### Activity
The full set of entries is to be printed exactly, with pictures excluded.

# # # # # # #

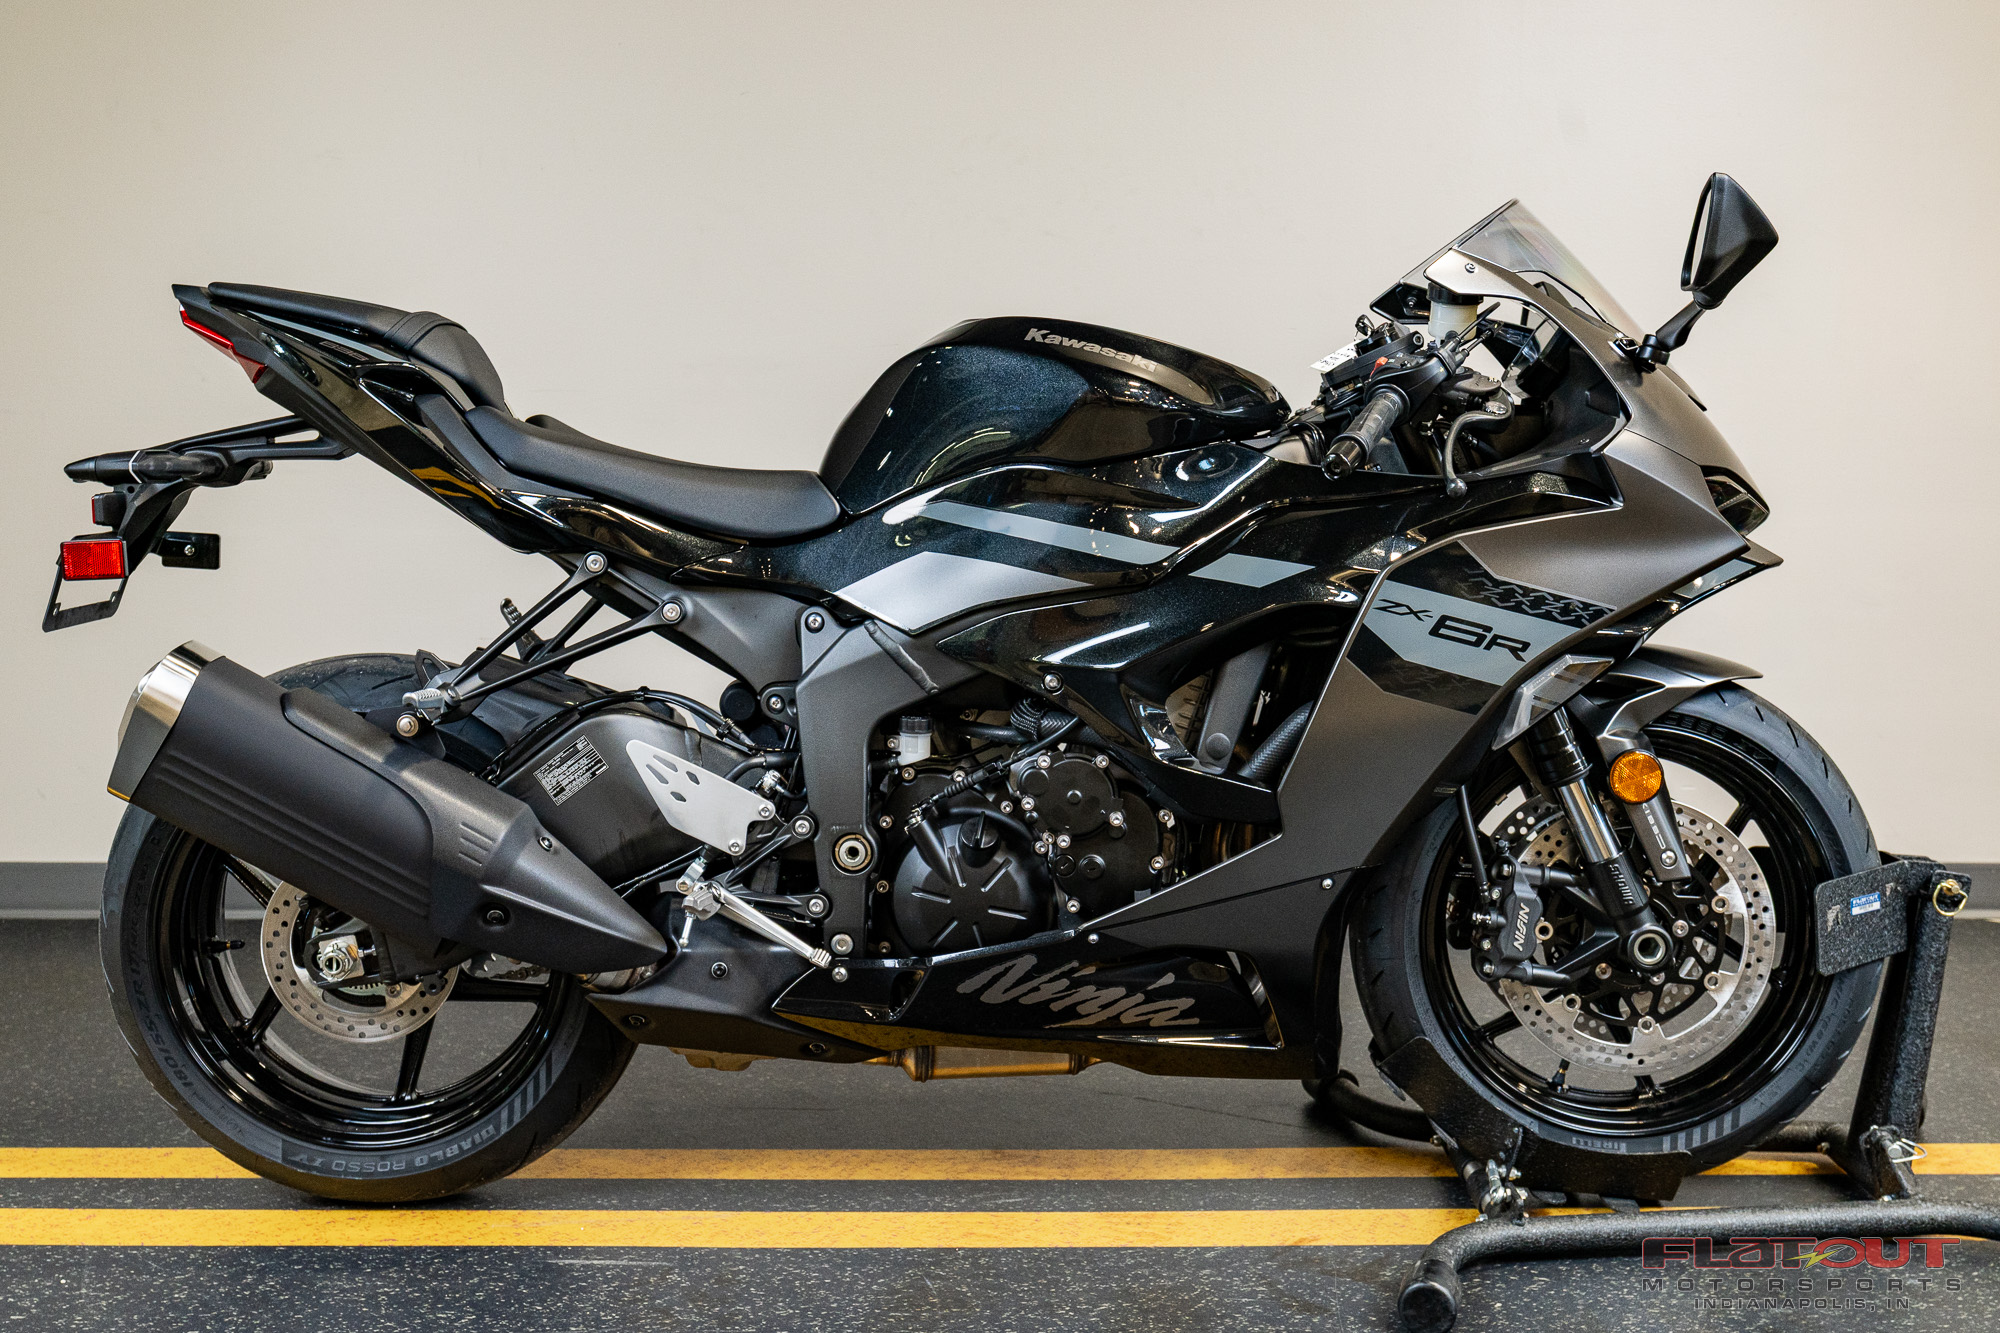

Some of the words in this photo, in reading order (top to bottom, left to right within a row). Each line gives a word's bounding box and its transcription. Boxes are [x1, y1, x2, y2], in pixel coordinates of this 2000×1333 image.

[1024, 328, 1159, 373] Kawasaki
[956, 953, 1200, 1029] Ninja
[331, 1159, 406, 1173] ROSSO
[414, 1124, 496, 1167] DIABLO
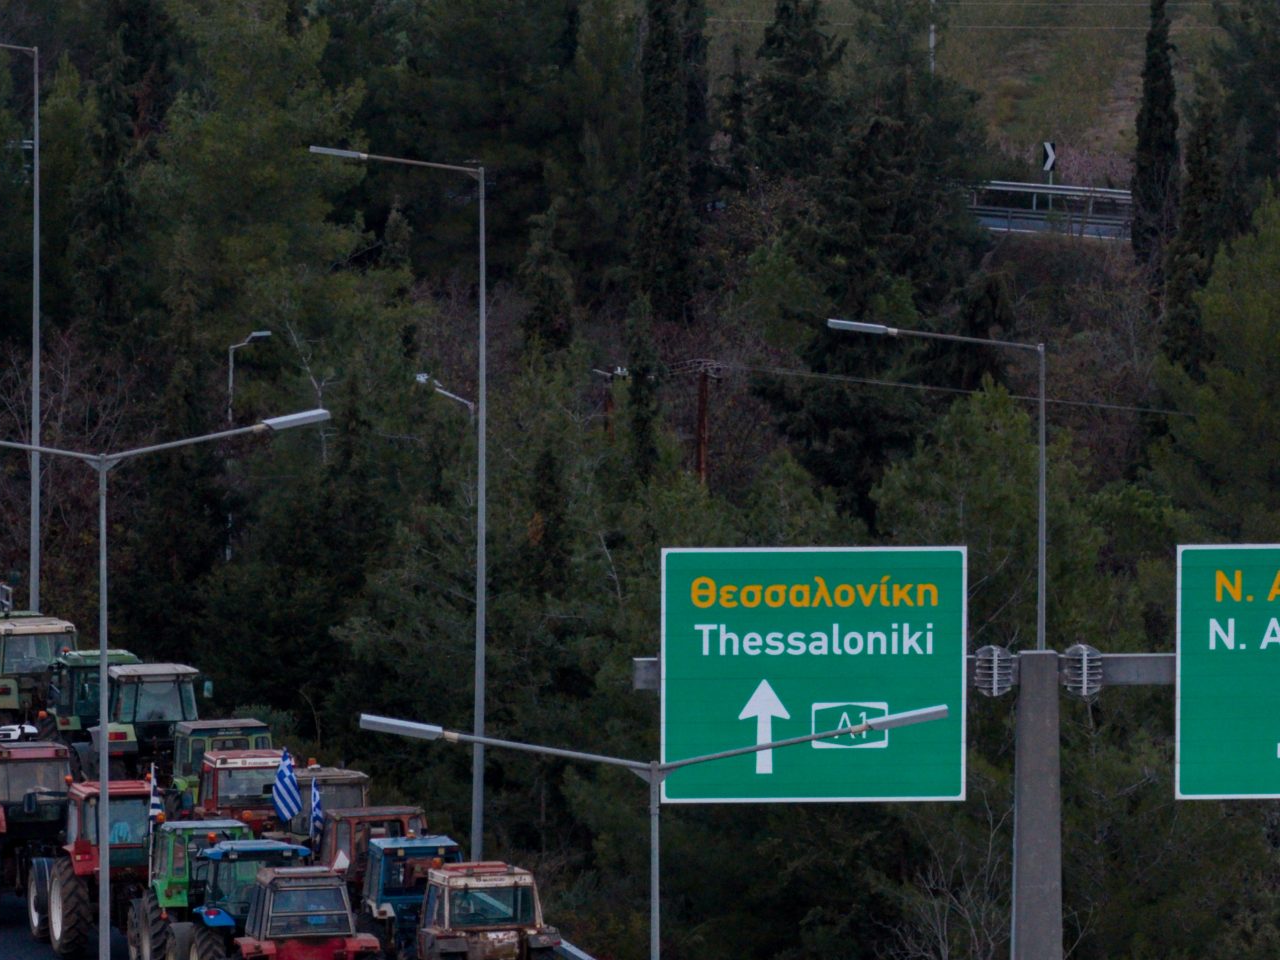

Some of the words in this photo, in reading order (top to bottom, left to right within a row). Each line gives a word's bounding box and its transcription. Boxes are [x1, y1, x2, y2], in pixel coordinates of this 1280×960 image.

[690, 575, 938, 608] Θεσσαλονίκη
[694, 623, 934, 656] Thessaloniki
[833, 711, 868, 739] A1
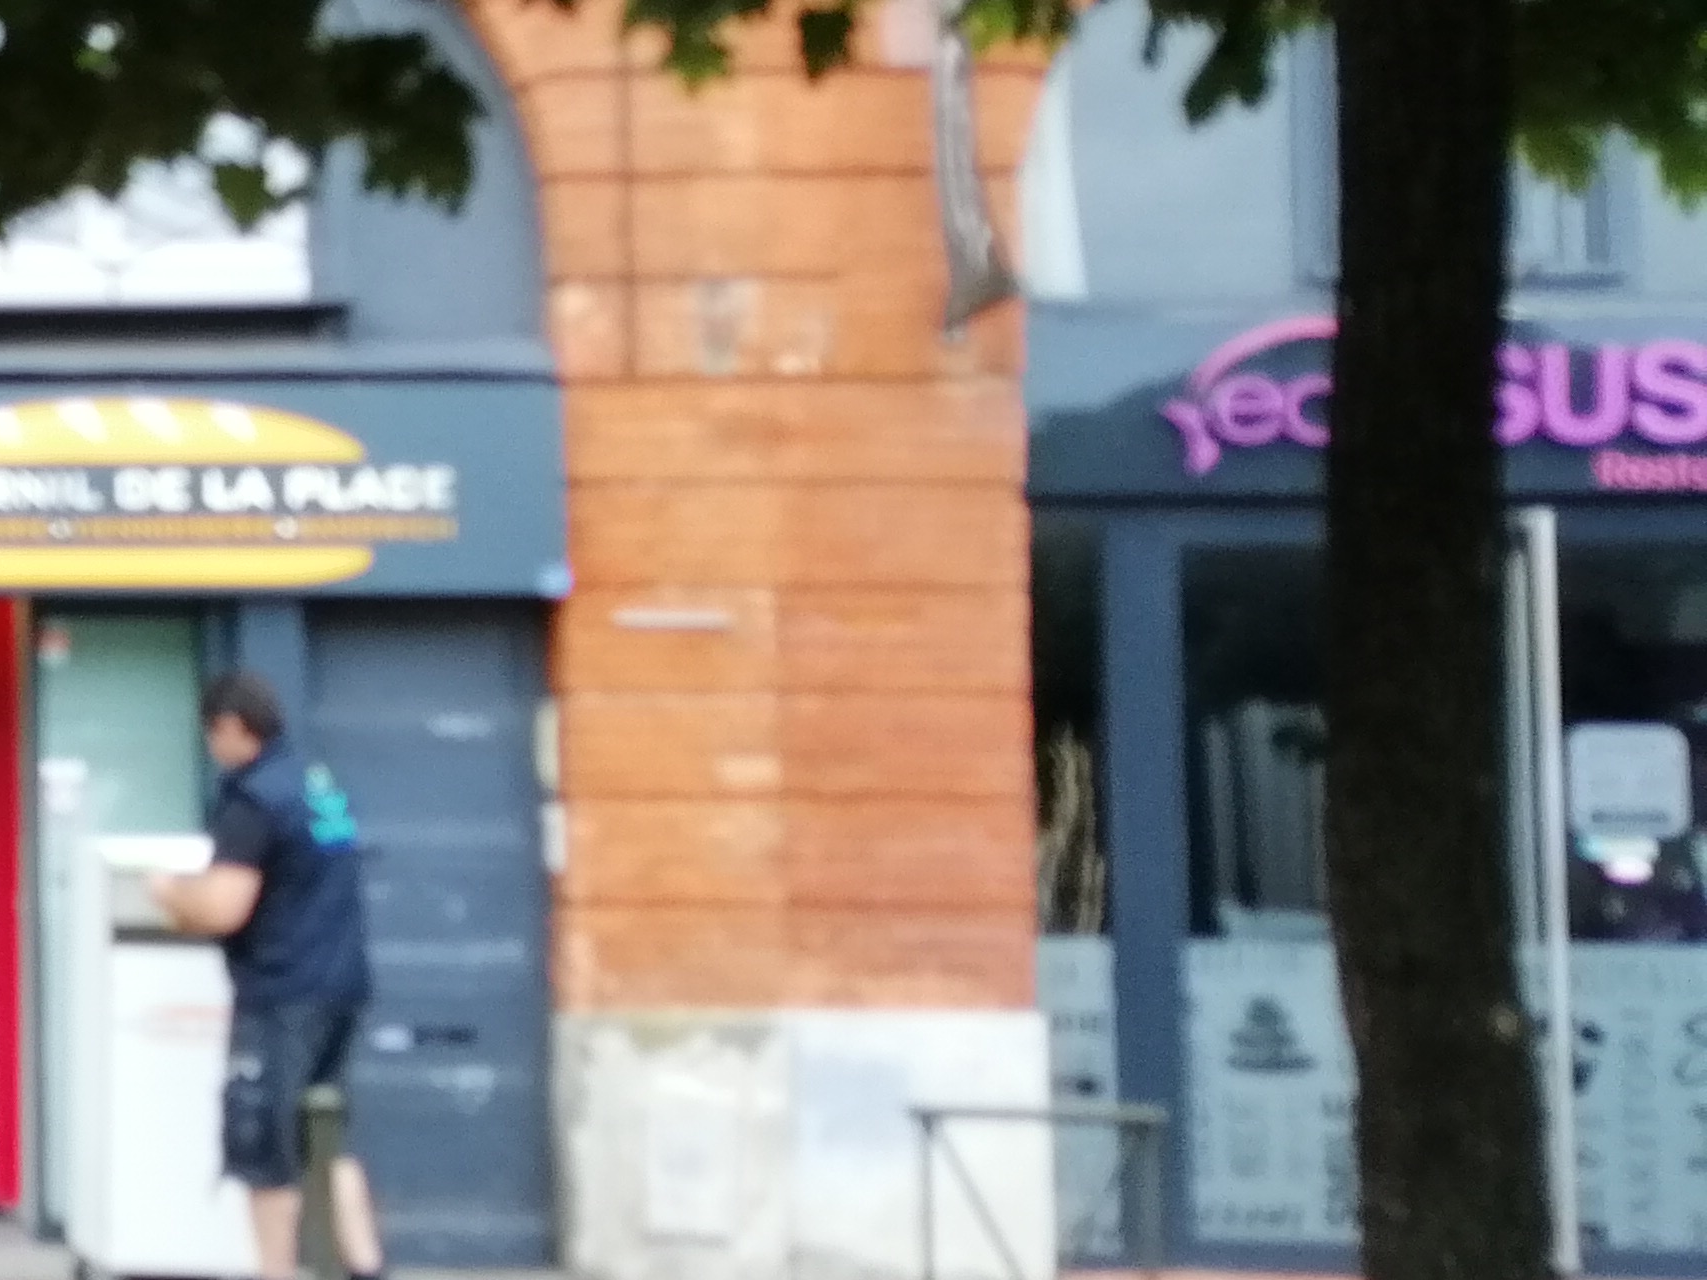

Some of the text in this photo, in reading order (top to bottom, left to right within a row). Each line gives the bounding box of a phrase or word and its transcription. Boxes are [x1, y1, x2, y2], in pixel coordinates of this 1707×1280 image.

# # # # # # #

### Output of the task
Some of the words in this photo, in reading order (top to bottom, left to right within a row). Each line gives a word's bounding box and its transcription. Boxes are [x1, y1, x2, y2], in pixel coordinates of this 2000×1333 image.

[1024, 328, 1159, 373] Kawasaki
[956, 953, 1200, 1029] Ninja
[331, 1159, 406, 1173] ROSSO
[414, 1124, 496, 1167] DIABLO

Some of the words in this photo, in reading order (top to bottom, left to right within a row). Each line gives a word's bounding box and its transcription. Boxes are [x1, y1, x2, y2], in pixel coordinates of this 1280×960 image.

[690, 575, 938, 608] Θεσσαλονίκη
[694, 623, 934, 656] Thessaloniki
[833, 711, 868, 739] A1

Some of the text in this photo, in reading order (top to bottom, left to right within a row). Each line gives the bounding box of a phrase or word and its transcription. Boxes are [x1, y1, x2, y2], in pixel coordinates of this 1707×1280 image.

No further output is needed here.